=== Section Start ===

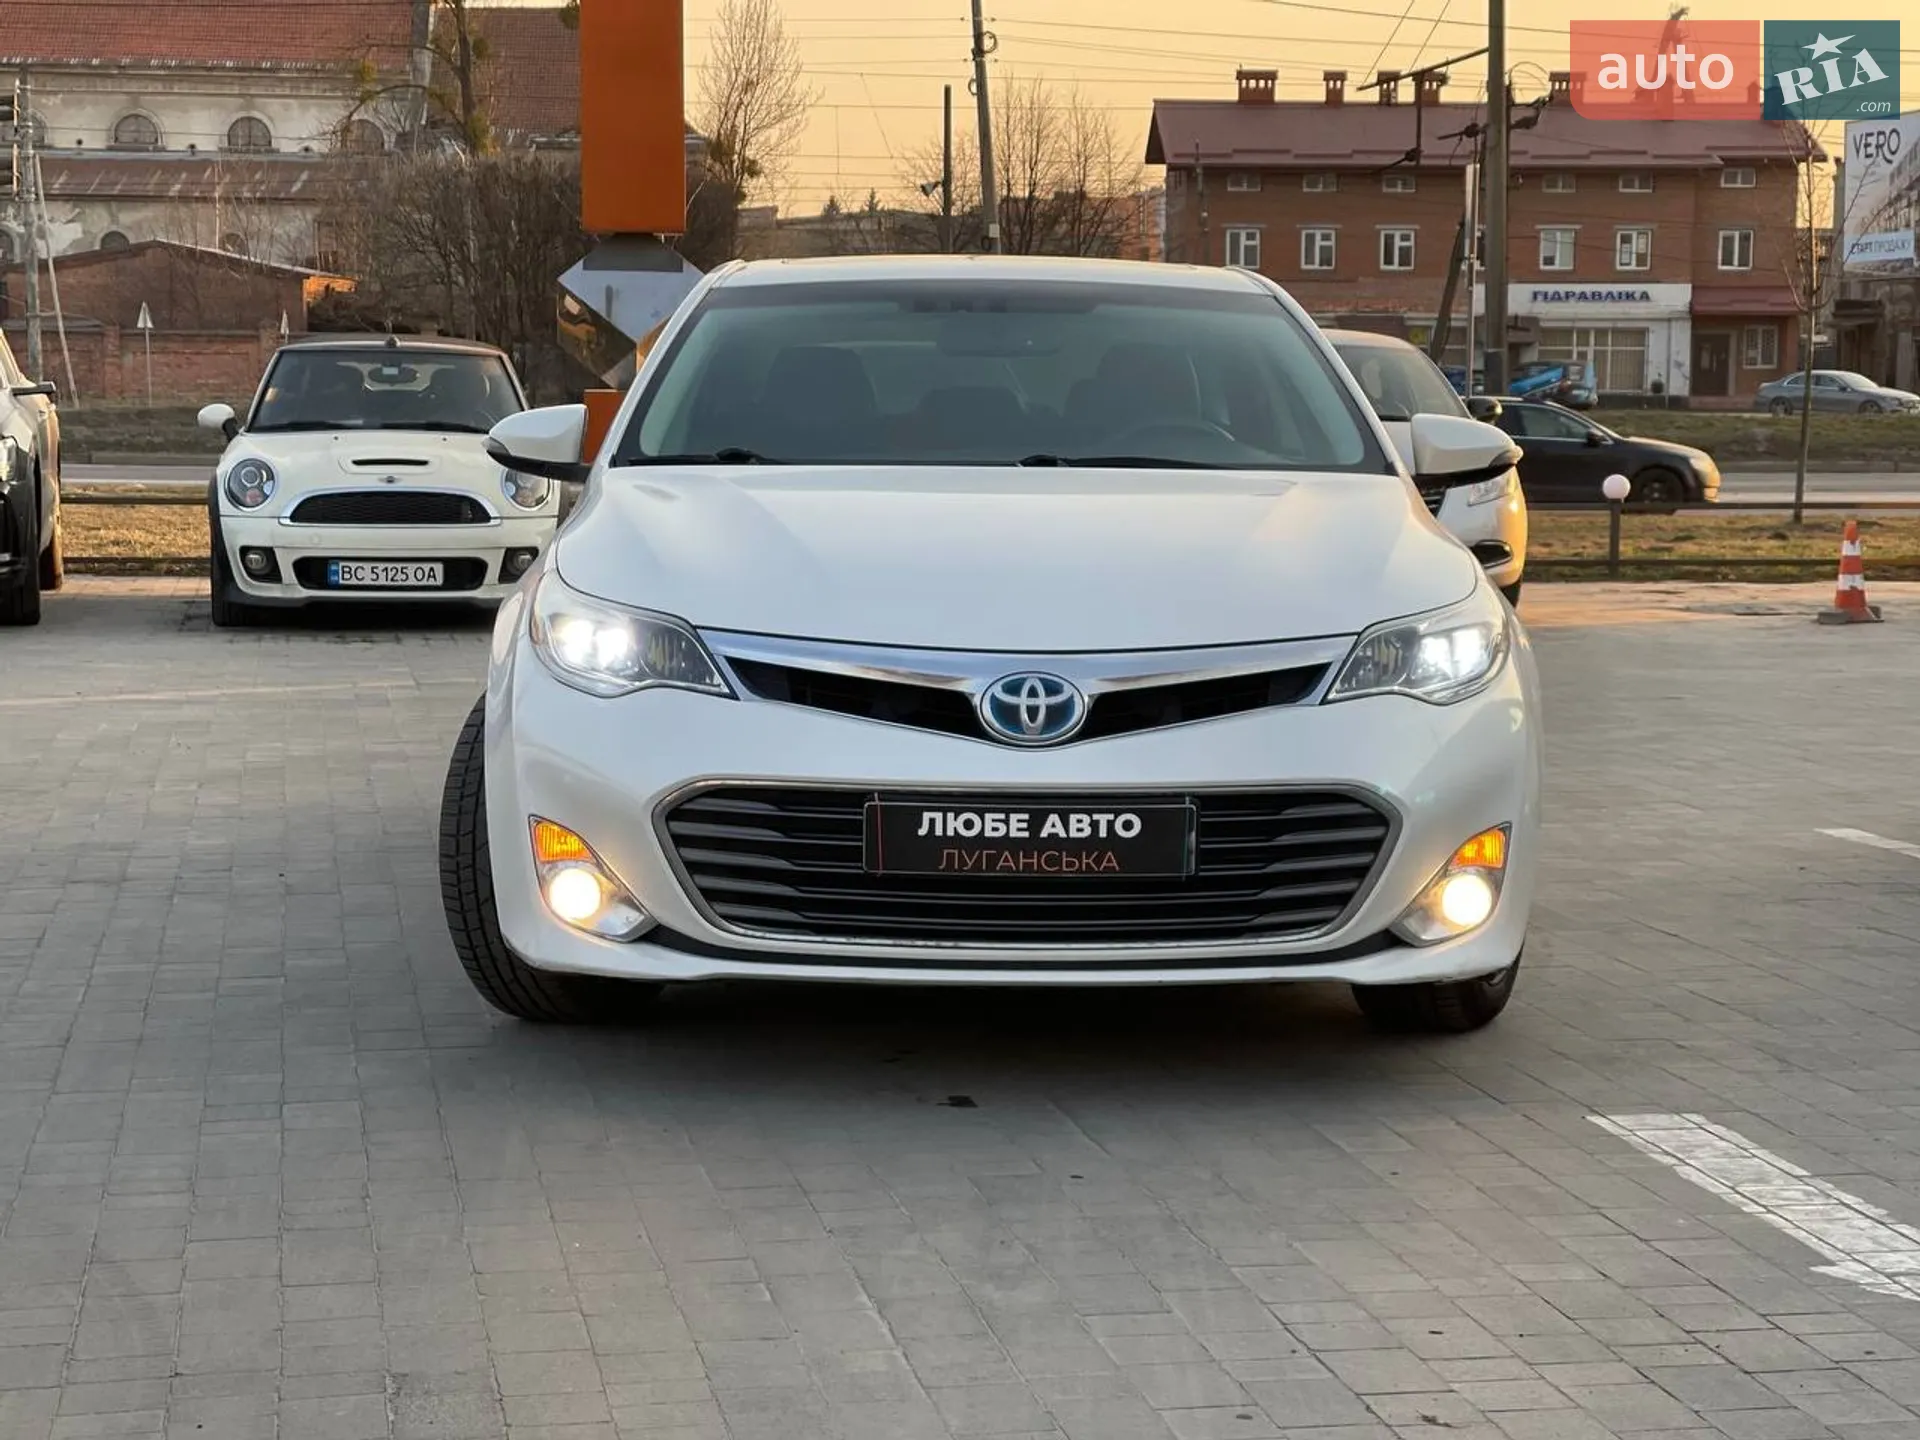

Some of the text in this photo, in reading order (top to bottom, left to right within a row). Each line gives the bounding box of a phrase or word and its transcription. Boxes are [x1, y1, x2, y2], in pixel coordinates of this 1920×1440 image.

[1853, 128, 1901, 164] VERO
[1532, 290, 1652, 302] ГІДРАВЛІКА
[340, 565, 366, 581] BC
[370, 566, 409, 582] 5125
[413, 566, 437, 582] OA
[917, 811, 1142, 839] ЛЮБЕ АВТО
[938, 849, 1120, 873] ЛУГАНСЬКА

=== Section End ===

§ **WHAT IS REQUIRED**: Reproduce the records verbatim, omitting all images they contain.

§ **RESPONSE FOR THIS EXERCISE**:
Some of the text in this photo, in reading order (top to bottom, left to right within a row). Each line gives the bounding box of a phrase or word and its transcription. Boxes are [x1, y1, x2, y2], in pixel coordinates of this 1920×1440 image.

[1853, 128, 1901, 164] VERO
[1532, 290, 1652, 302] ГІДРАВЛІКА
[340, 565, 366, 581] BC
[370, 566, 409, 582] 5125
[413, 566, 437, 582] OA
[917, 811, 1142, 839] ЛЮБЕ АВТО
[938, 849, 1120, 873] ЛУГАНСЬКА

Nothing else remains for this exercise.